§ The task
Exactly as written, return every line of the data below apart from the pictures.

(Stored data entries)
══════

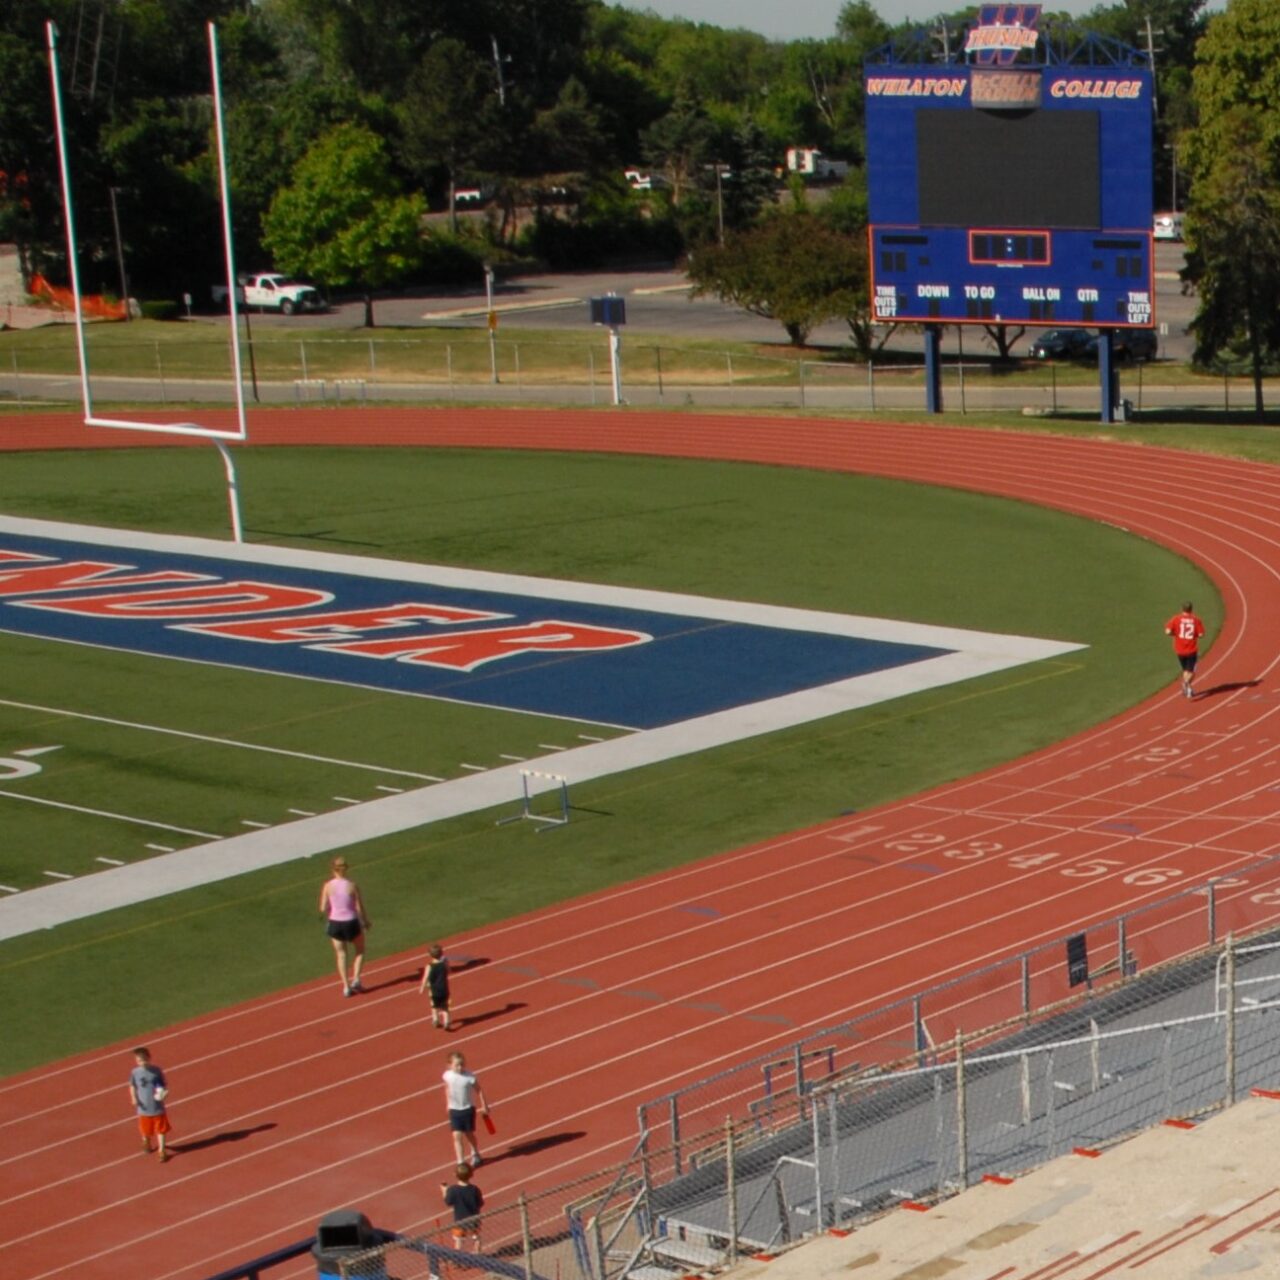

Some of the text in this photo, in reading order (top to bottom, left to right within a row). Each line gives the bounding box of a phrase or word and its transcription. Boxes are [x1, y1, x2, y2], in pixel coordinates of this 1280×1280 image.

[867, 78, 1142, 98] WHEATON COLLEGE
[876, 286, 896, 296] TIME
[917, 285, 950, 298] DOWN
[964, 286, 995, 299] TO GO
[1022, 287, 1060, 300] BALL ON
[1077, 288, 1099, 302] QTR
[1128, 292, 1149, 302] TIME
[874, 296, 897, 306] OUTS
[877, 306, 896, 317] LEFT
[1127, 303, 1151, 313] OUTS
[1128, 313, 1149, 323] LEFT
[0, 549, 654, 672] NDER
[1179, 623, 1194, 640] 12
[826, 825, 885, 843] 1
[884, 832, 946, 852] 2
[943, 841, 1003, 860] 3
[1007, 852, 1061, 869] 4
[1060, 859, 1125, 878] 5
[1122, 867, 1184, 886] 6
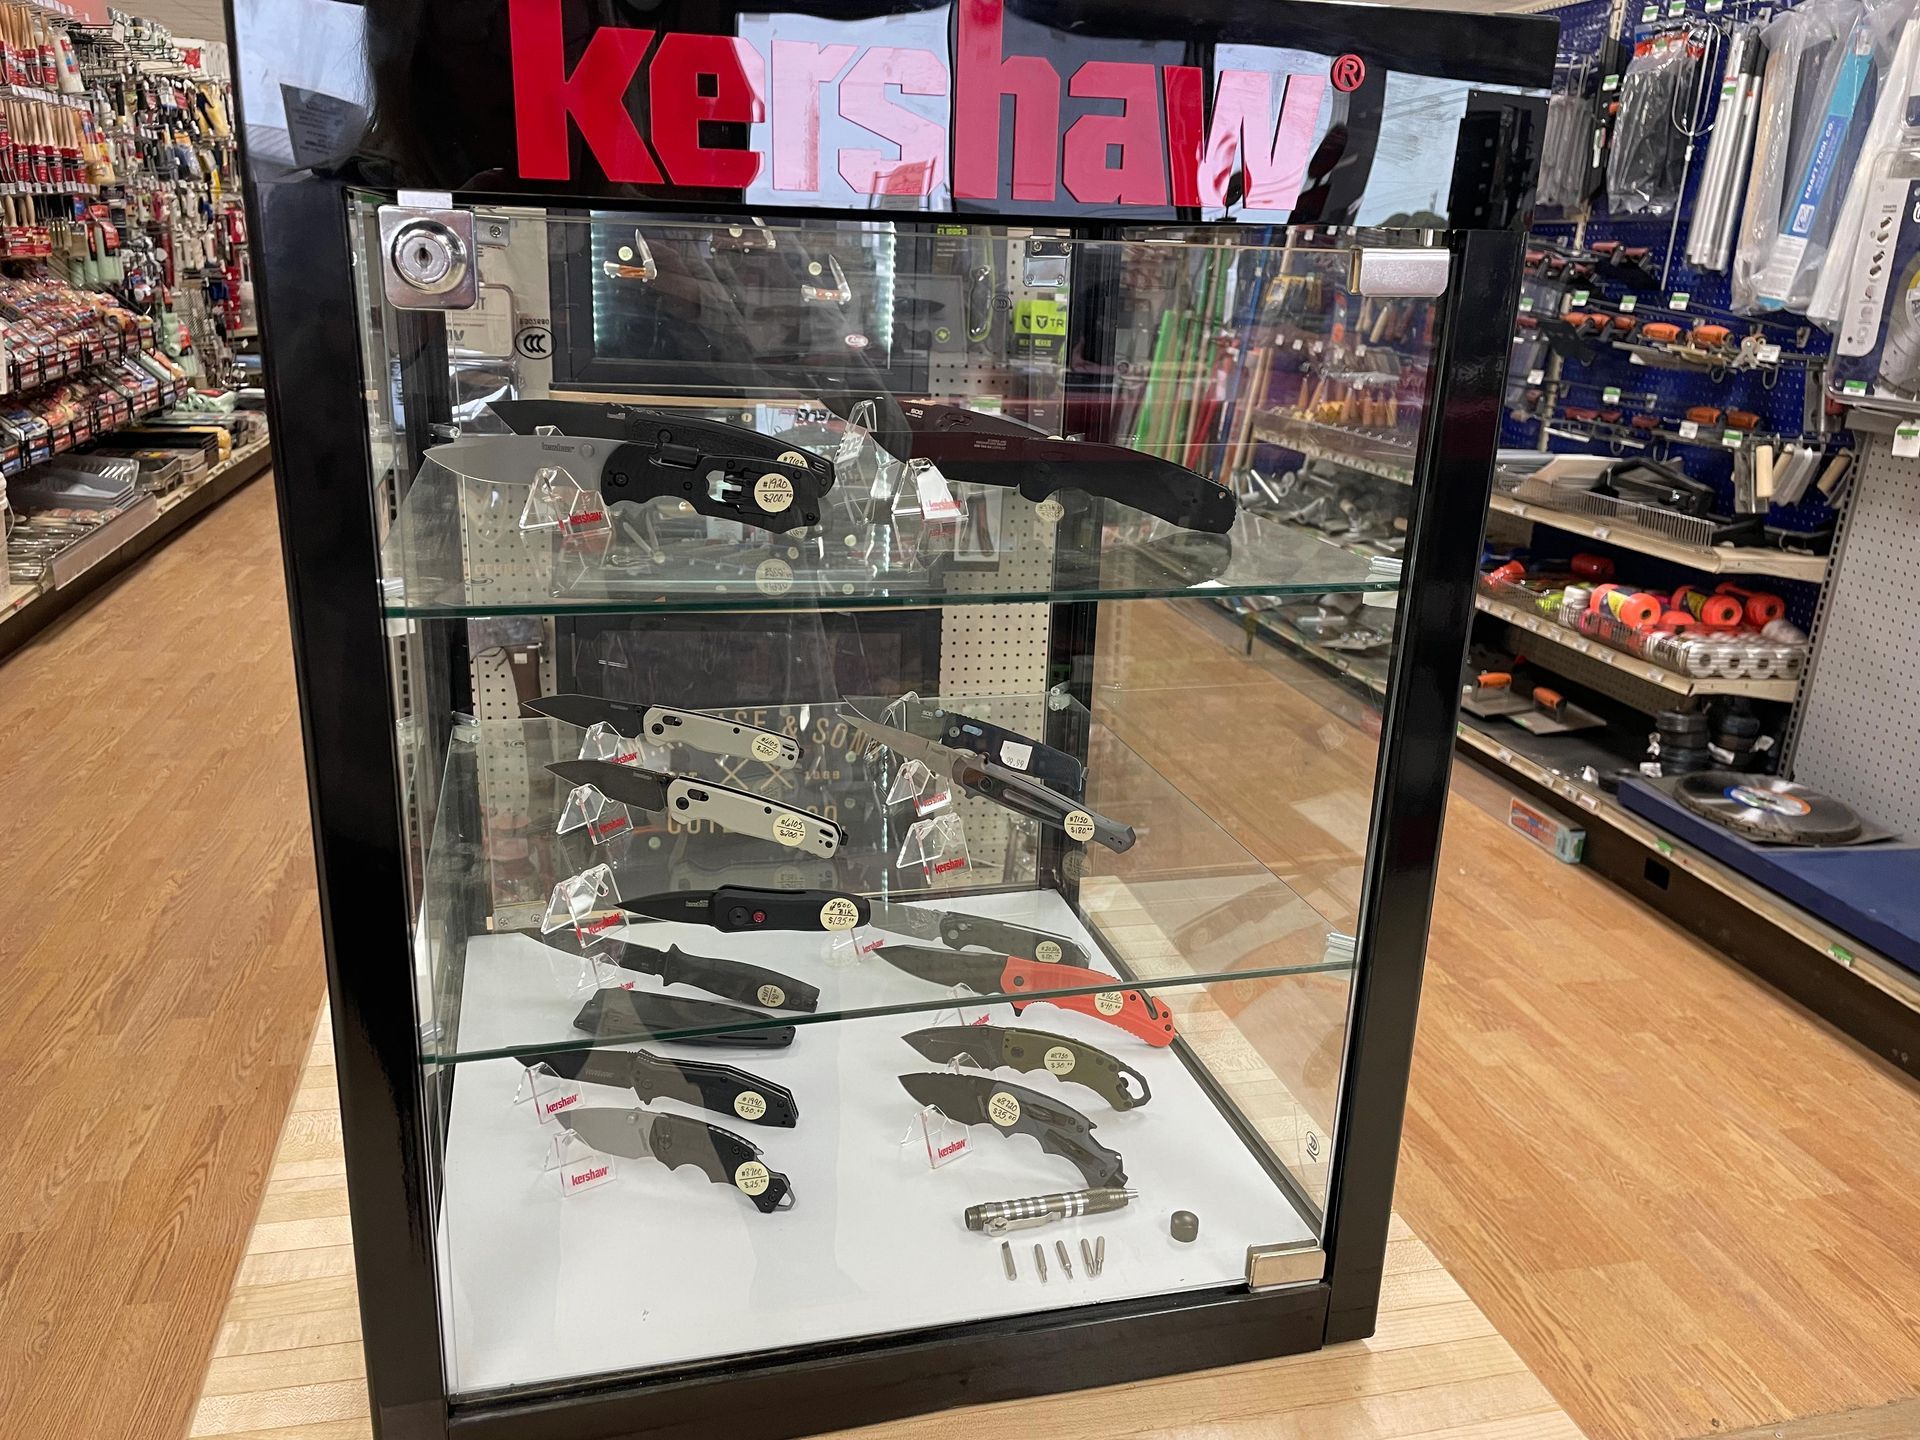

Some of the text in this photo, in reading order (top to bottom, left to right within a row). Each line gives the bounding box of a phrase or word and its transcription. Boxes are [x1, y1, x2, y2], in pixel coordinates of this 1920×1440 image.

[934, 857, 965, 874] kershaw
[546, 1094, 578, 1114] kershaw
[937, 1138, 967, 1159] kershaw
[571, 1165, 609, 1186] kershaw
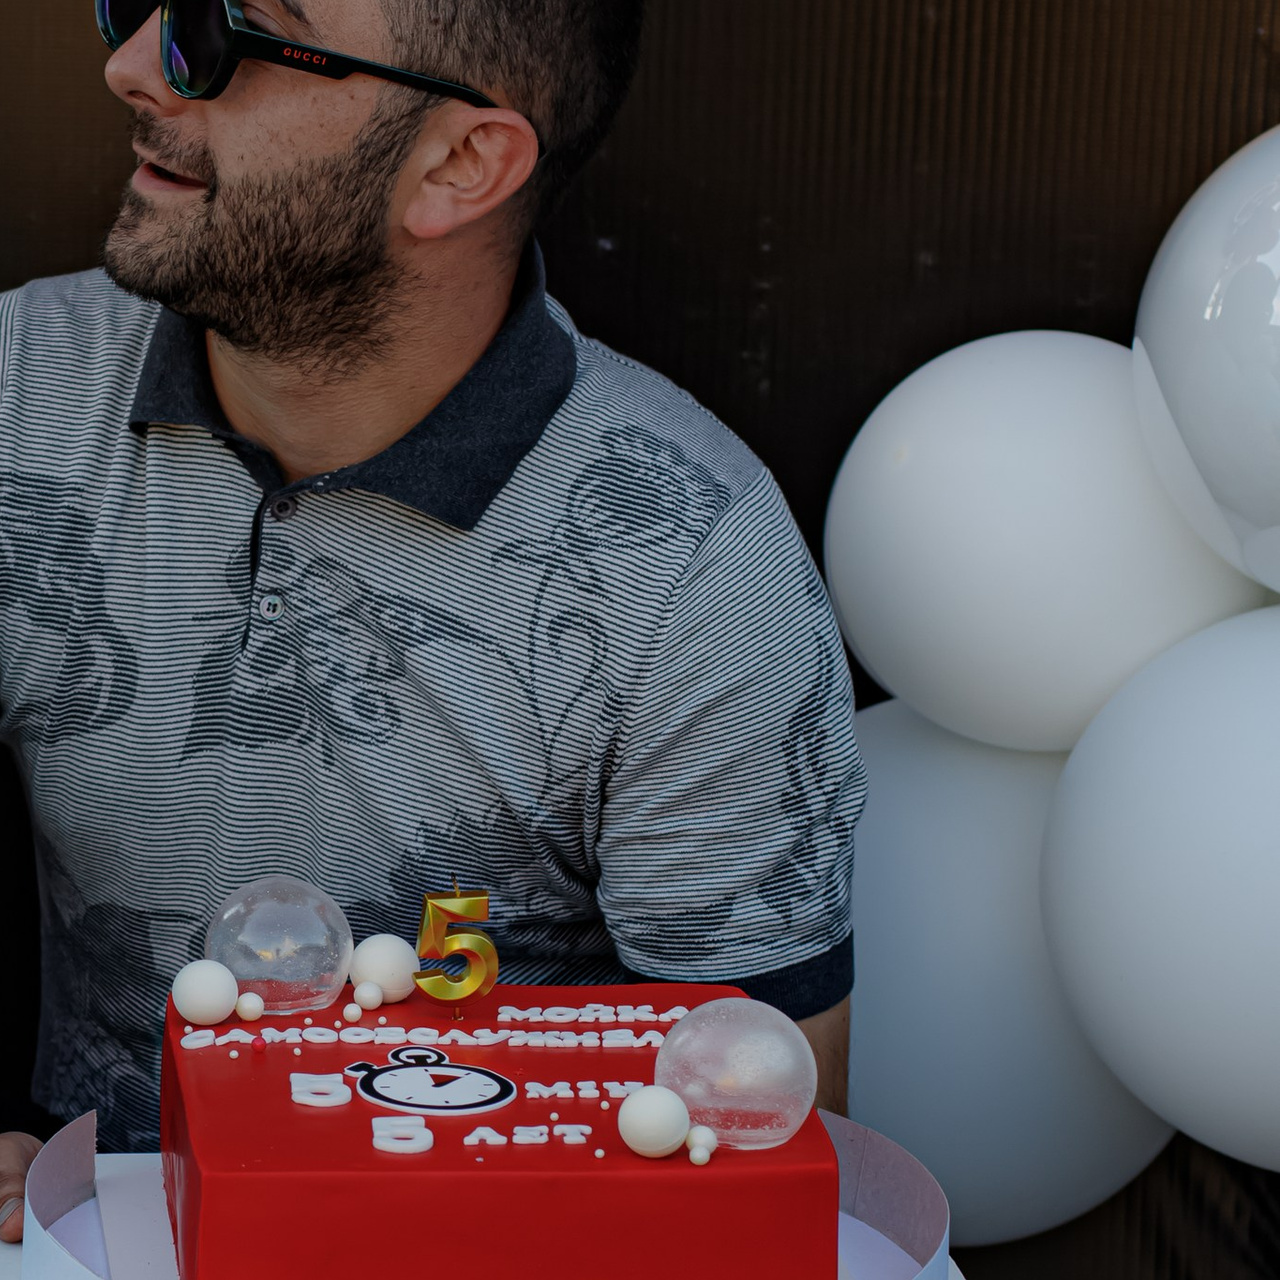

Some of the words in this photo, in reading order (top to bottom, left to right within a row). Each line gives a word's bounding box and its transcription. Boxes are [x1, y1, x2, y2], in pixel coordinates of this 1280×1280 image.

[283, 47, 327, 66] GUCCI
[411, 890, 499, 1007] 5
[180, 1026, 670, 1050] САМООБСЛУЖИВА
[289, 1072, 352, 1108] 5
[371, 1115, 434, 1154] 5
[463, 1124, 592, 1145] ЛЕТ
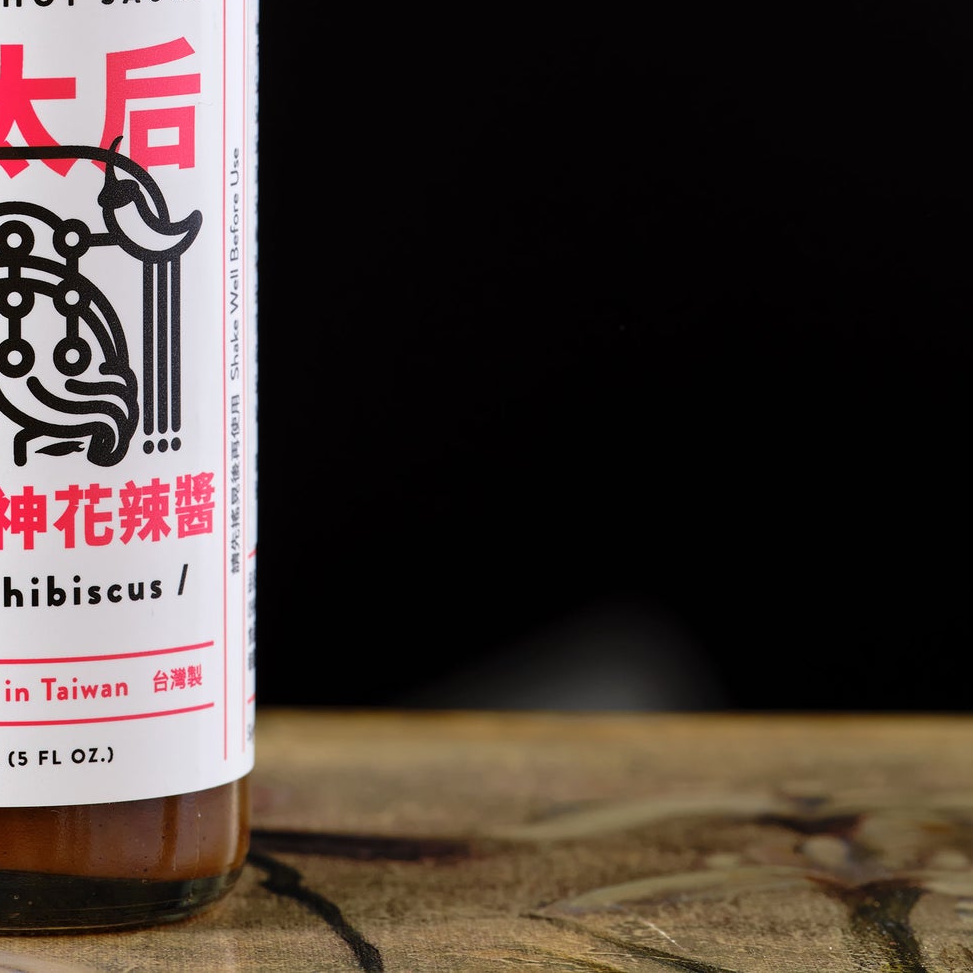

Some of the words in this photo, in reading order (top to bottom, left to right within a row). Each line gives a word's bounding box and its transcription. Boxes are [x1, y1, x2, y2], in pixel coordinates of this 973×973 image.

══════

§ Solved problem
Some of the text in this photo, in reading order (top to bottom, left to right within a row). Each line gives the bounding box of a phrase or word and its transcription. Boxes are [x1, y1, x2, y2], in pixel coordinates of this 1280×1280 image.

[867, 78, 1142, 98] WHEATON COLLEGE
[876, 286, 896, 296] TIME
[917, 285, 950, 298] DOWN
[964, 286, 995, 299] TO GO
[1022, 287, 1060, 300] BALL ON
[1077, 288, 1099, 302] QTR
[1128, 292, 1149, 302] TIME
[874, 296, 897, 306] OUTS
[877, 306, 896, 317] LEFT
[1127, 303, 1151, 313] OUTS
[1128, 313, 1149, 323] LEFT
[0, 549, 654, 672] NDER
[1179, 623, 1194, 640] 12
[826, 825, 885, 843] 1
[884, 832, 946, 852] 2
[943, 841, 1003, 860] 3
[1007, 852, 1061, 869] 4
[1060, 859, 1125, 878] 5
[1122, 867, 1184, 886] 6

Some of the text in this photo, in reading order (top to bottom, left to right within a row). Each line gives the bounding box of a phrase or word and its transcription. Boxes are [x1, y1, x2, y2], in pixel coordinates of this 1920×1440 image.

[934, 857, 965, 874] kershaw
[546, 1094, 578, 1114] kershaw
[937, 1138, 967, 1159] kershaw
[571, 1165, 609, 1186] kershaw

Some of the words in this photo, in reading order (top to bottom, left to right within a row). Each line gives a word's bounding box and its transcription. Boxes are [x1, y1, x2, y2], in pixel coordinates of this 1280×1280 image.

[283, 47, 327, 66] GUCCI
[411, 890, 499, 1007] 5
[180, 1026, 670, 1050] САМООБСЛУЖИВА
[289, 1072, 352, 1108] 5
[371, 1115, 434, 1154] 5
[463, 1124, 592, 1145] ЛЕТ

Some of the words in this photo, in reading order (top to bottom, left to right within a row). Each line gives a word's bounding box and its transcription. Boxes are [x1, y1, x2, y2], in pixel coordinates of this 973×973 image.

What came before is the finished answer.